## WORK REQUEST
Transcribe the data that follows in full. Leave out the pictures.

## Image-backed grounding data
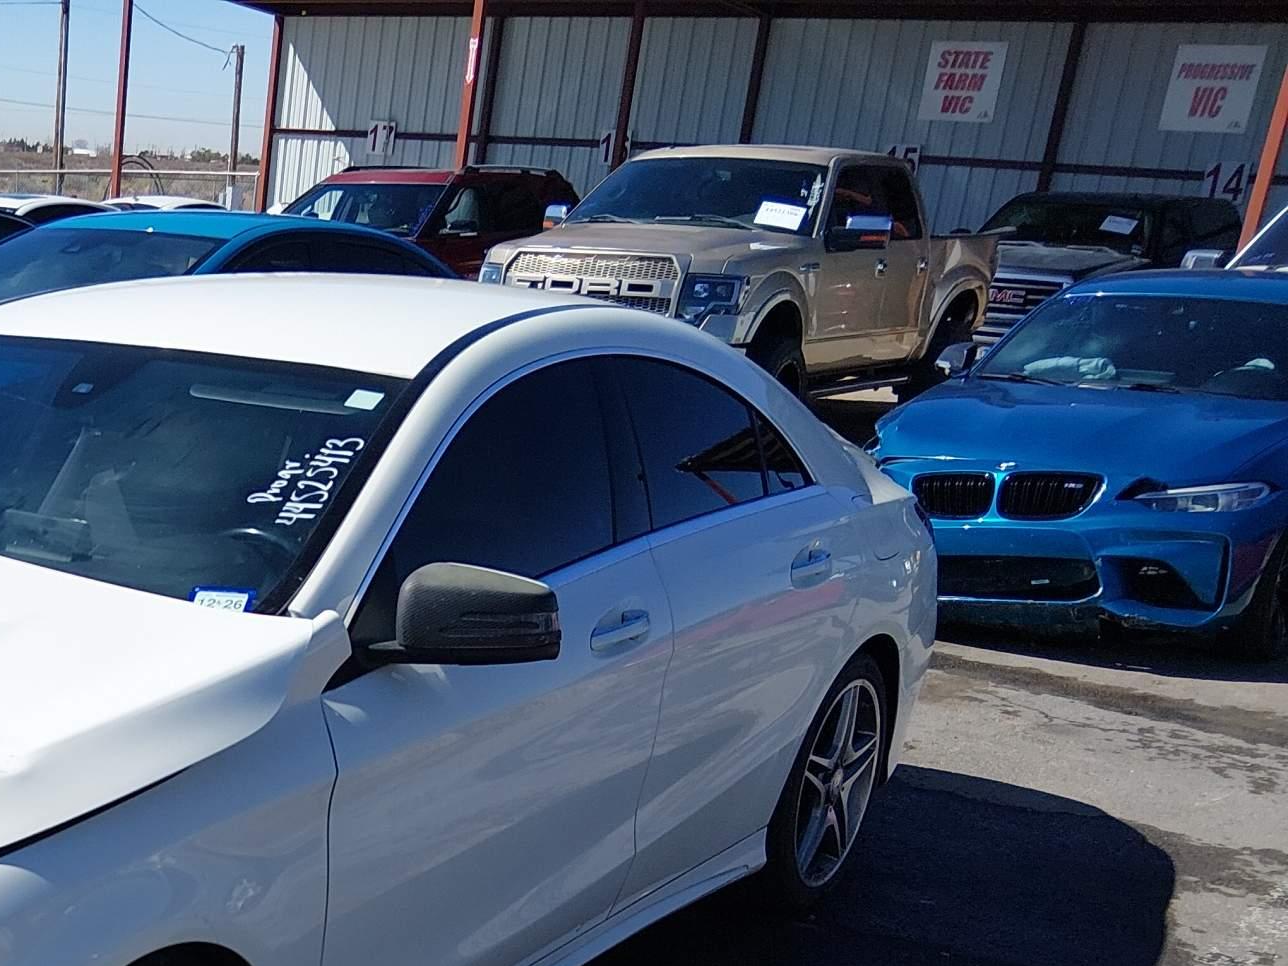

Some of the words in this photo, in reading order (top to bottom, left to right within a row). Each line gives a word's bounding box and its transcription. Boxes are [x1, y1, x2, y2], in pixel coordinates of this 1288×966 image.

[937, 50, 994, 70] STATE
[933, 72, 988, 92] FARM
[1177, 63, 1257, 81] PROGRESSIVE
[939, 95, 975, 114] VIC
[1187, 86, 1229, 118] VIC
[369, 124, 394, 153] 17
[1206, 162, 1246, 200] 14
[512, 272, 663, 298] FORD
[988, 288, 1026, 303] MC
[275, 437, 365, 526] 44525413

## RESULT OF THIS TASK
Some of the words in this photo, in reading order (top to bottom, left to right within a row). Each line gives a word's bounding box and its transcription. Boxes are [x1, y1, x2, y2], in pixel coordinates of this 1288×966 image.

[937, 50, 994, 70] STATE
[933, 72, 988, 92] FARM
[1177, 63, 1257, 81] PROGRESSIVE
[939, 95, 975, 114] VIC
[1187, 86, 1229, 118] VIC
[369, 124, 394, 153] 17
[1206, 162, 1246, 200] 14
[512, 272, 663, 298] FORD
[988, 288, 1026, 303] MC
[275, 437, 365, 526] 44525413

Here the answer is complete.